Contre-exemple : une article en retard mais soigneusement mauvais

À une semaine d’écart, France 3 a sorti un article pour revenir sur « l’affaire » précédente, mais avec un article d’une qualité notablement inférieure à la quasi-totalité des précédents.

Nucléaire : du tritium dans les eaux de la Vienne, un danger ?

Commentaire de texte en image :

Juillet 2019 : l’emballement

En Juillet, la même ACRO a publié un communiqué, repris par le Canard Enchaîné et l’AFP, révélant la présence de tritium dans l’eau potable en région parisienne. Et là, les réseaux sociaux se sont enflammés.

Des images fake ont notamment été massivement diffusées, dans lesquelles était indiqué que la Préfecture d’Île-de-France avait pris un arrêté pour interdire la consommation d’eau du robinet.

Des messages audios circulaient sur Whatsapp et Messenger d’une prétendue infirmière indiquant que dans son hôpital, on avait détecté du « titanium » (sic) dans l’eau du robinet et qu’elle n’était plus consommée.

De manière général, une forte incitation était donnée à ne pas boire l’eau du robinet, alors même qu’une vague caniculaire s’abattait sur la France, avec des risques sanitaires très importants, et où le message à faire circuler était au contraire : BUVEZ, hydratez-vous. La désinformation galopante sur cette histoire de tritium était susceptible de faire des victimes.

Qu’en était-il réellement ? Et bien l’ACRO, pour l’eau potable, n’avait pas réalisé de mesure comme c’était le cas pour le pic de janvier, mais avait compilé et cartographié les teneurs en tritium dans l’eau potable mesurées les services du Ministère de la Santé. Il s’agissait donc de données connues des autorités, suivies par celles-ci, et publiques, et dont aucune n’atteignait 100 Bq/L ! L’alerte, pour ne dire la panique, a été massive bien que totalement injustifiée.

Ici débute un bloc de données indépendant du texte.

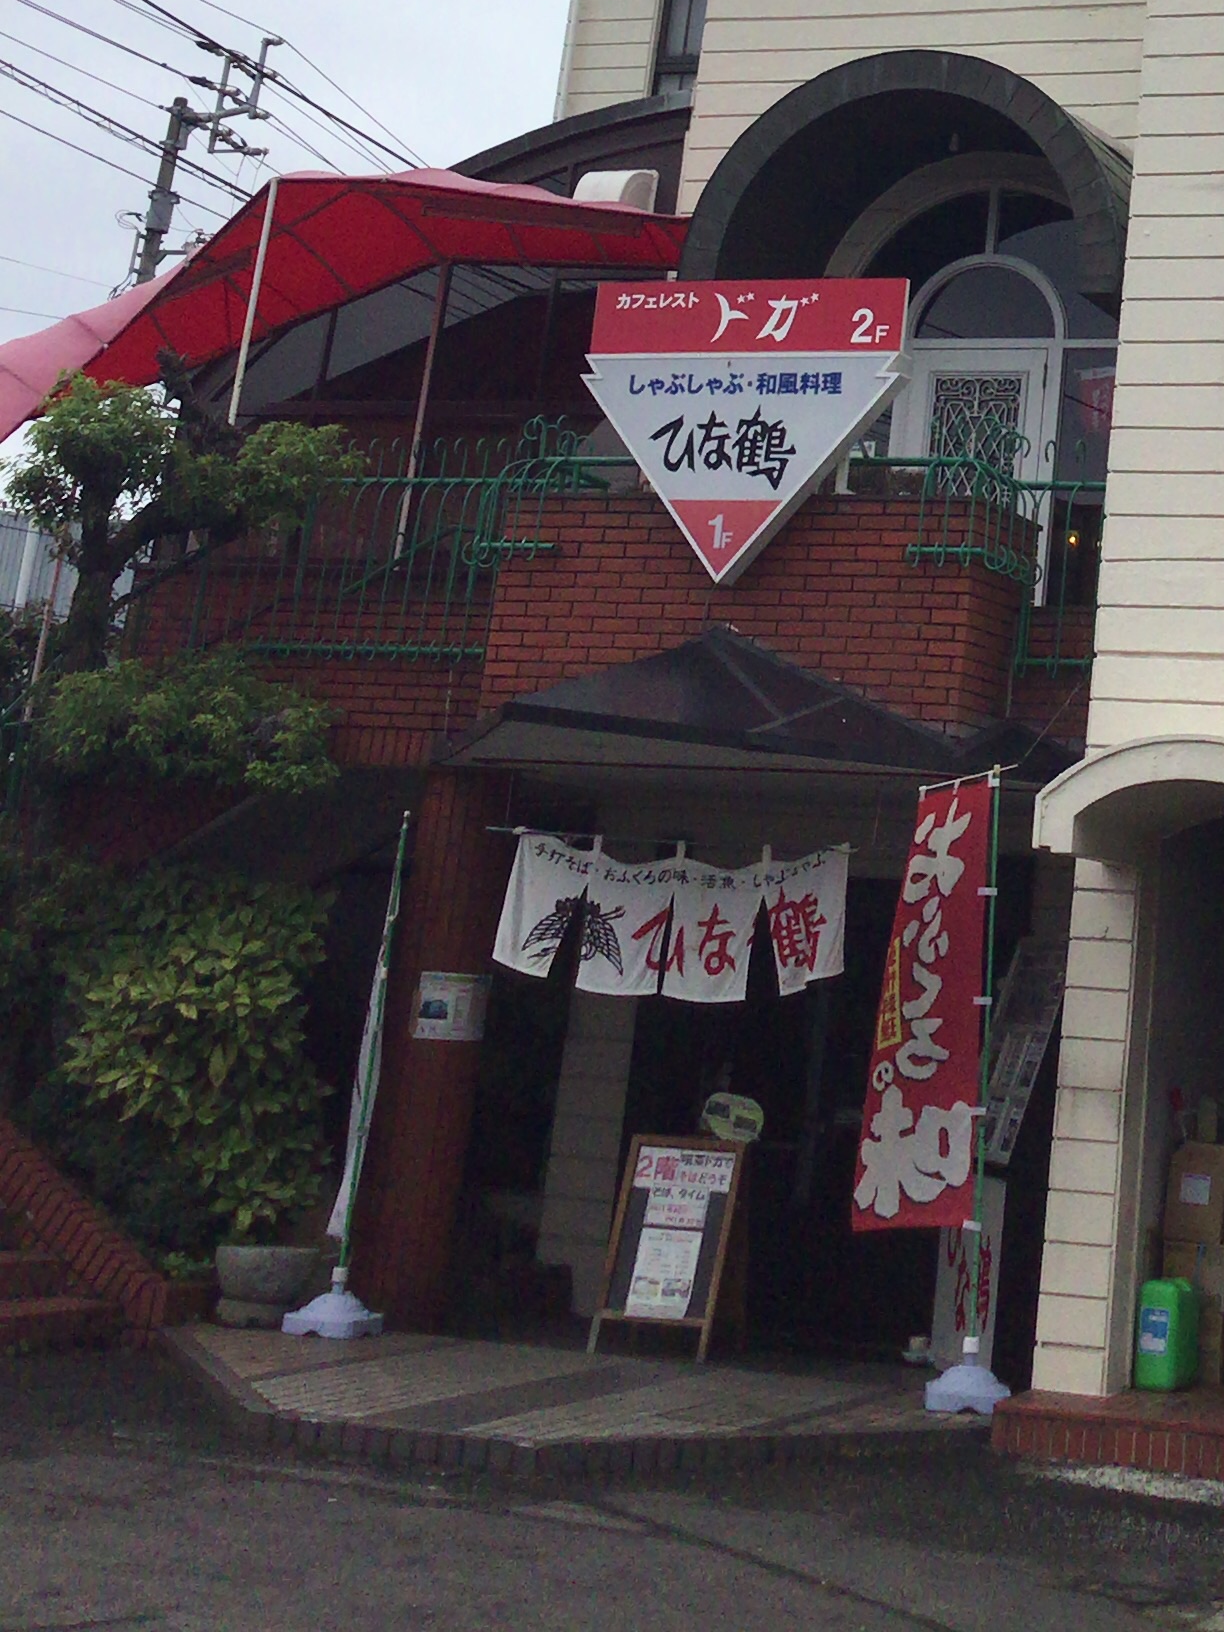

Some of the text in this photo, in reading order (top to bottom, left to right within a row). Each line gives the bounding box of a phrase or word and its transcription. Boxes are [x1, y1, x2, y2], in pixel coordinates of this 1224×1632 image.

[616, 292, 890, 344] カフェレスト ドガ 2F
[629, 372, 843, 395] しゃぶしゃぶ・和風料理
[649, 405, 797, 490] ひな鶴
[708, 514, 733, 549] 1F
[632, 886, 827, 977] ひな鶴
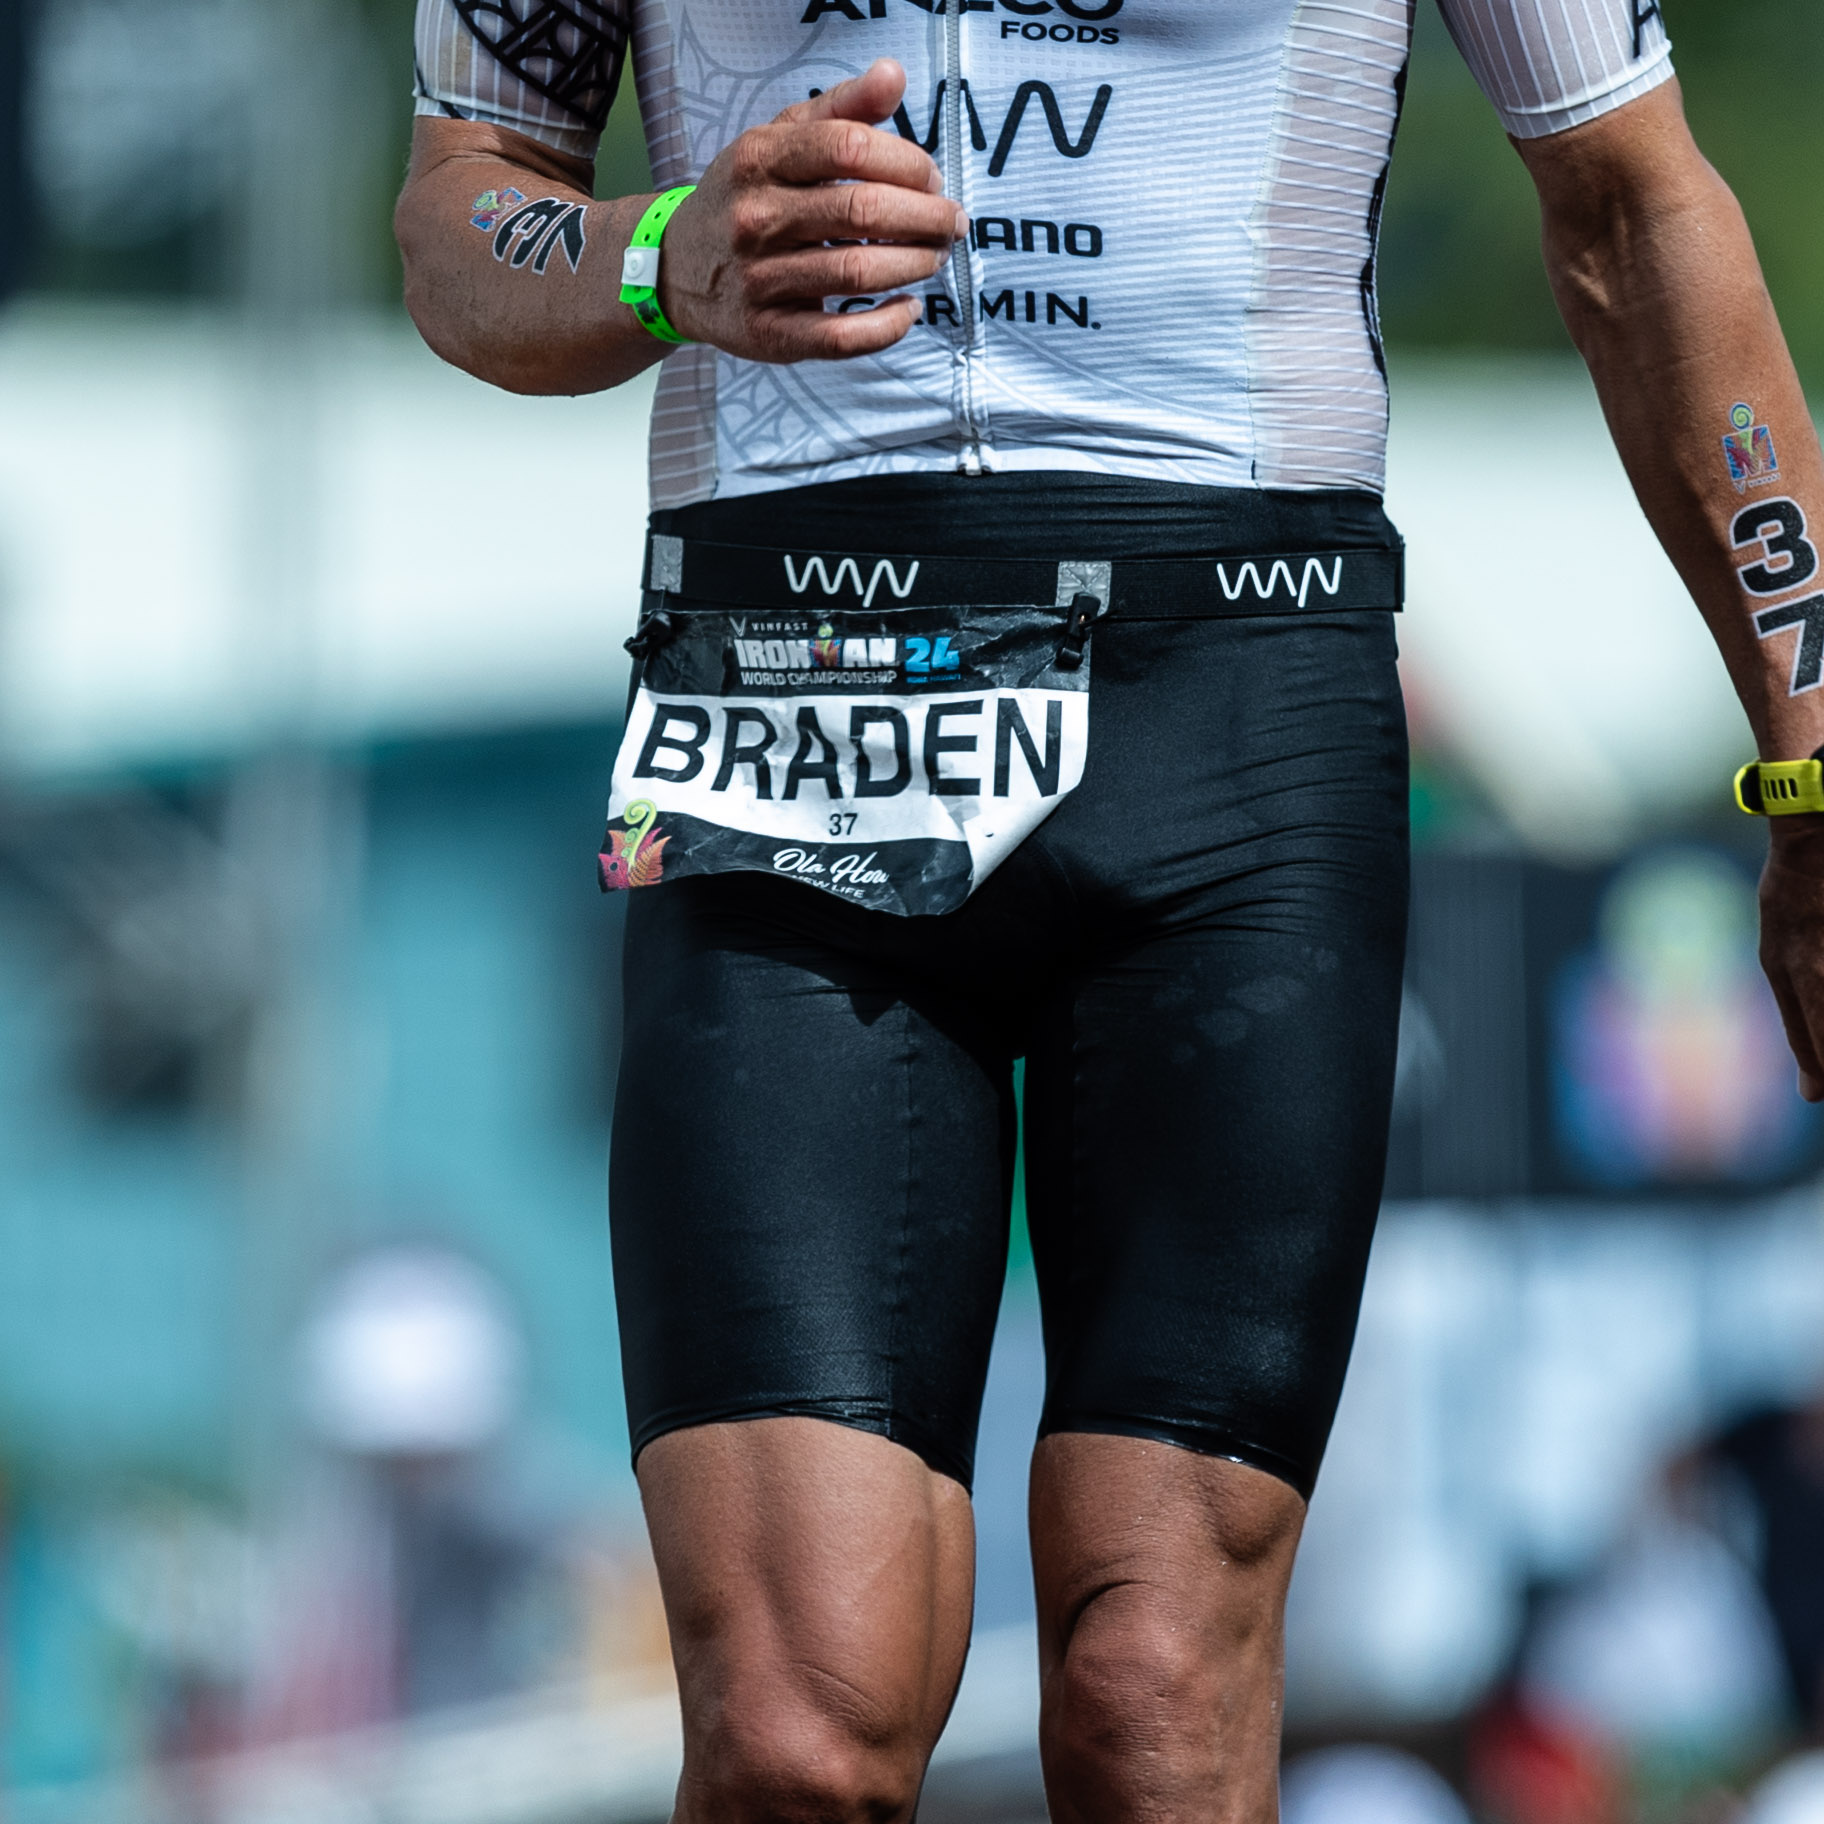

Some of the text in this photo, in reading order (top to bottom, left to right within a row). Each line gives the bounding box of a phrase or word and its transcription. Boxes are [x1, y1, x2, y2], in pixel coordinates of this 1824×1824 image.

[1000, 21, 1120, 45] FOODS
[905, 636, 960, 673] 24
[740, 671, 787, 686] WORLD
[787, 670, 898, 685] CHAMPIONSHIP
[633, 697, 1063, 802] BRADEN
[829, 812, 858, 836] 37
[773, 848, 826, 873] Ola
[831, 884, 866, 898] LIFE

Les démentis par la Préfecture et les hôpitaux ont été assez rapides (j’ai en revanche noté la discrétion de l’IRSN et l’ASN, sur les réseaux sociaux et dans la presse), mais la peur et les scandales se répandent bien plus vite que l’information vérifiée et rassurante :

La carte mise en ligne par l’ACRO permet d’ailleurs de constater des communes où l’eau potable est dite « contaminée au tritium » pour des activités inférieures à 1 Bq/L (Paris X, XI, XVIII, XIX et XX par exemple), preuve s’il était besoin que la question sanitaire était exclue de leur démarche visant simplement à alarmer.

Ce récit touche à sa fin, mais je vous laisse profiter d’un article de Checknews qui relate plus en détail les événements de juillet.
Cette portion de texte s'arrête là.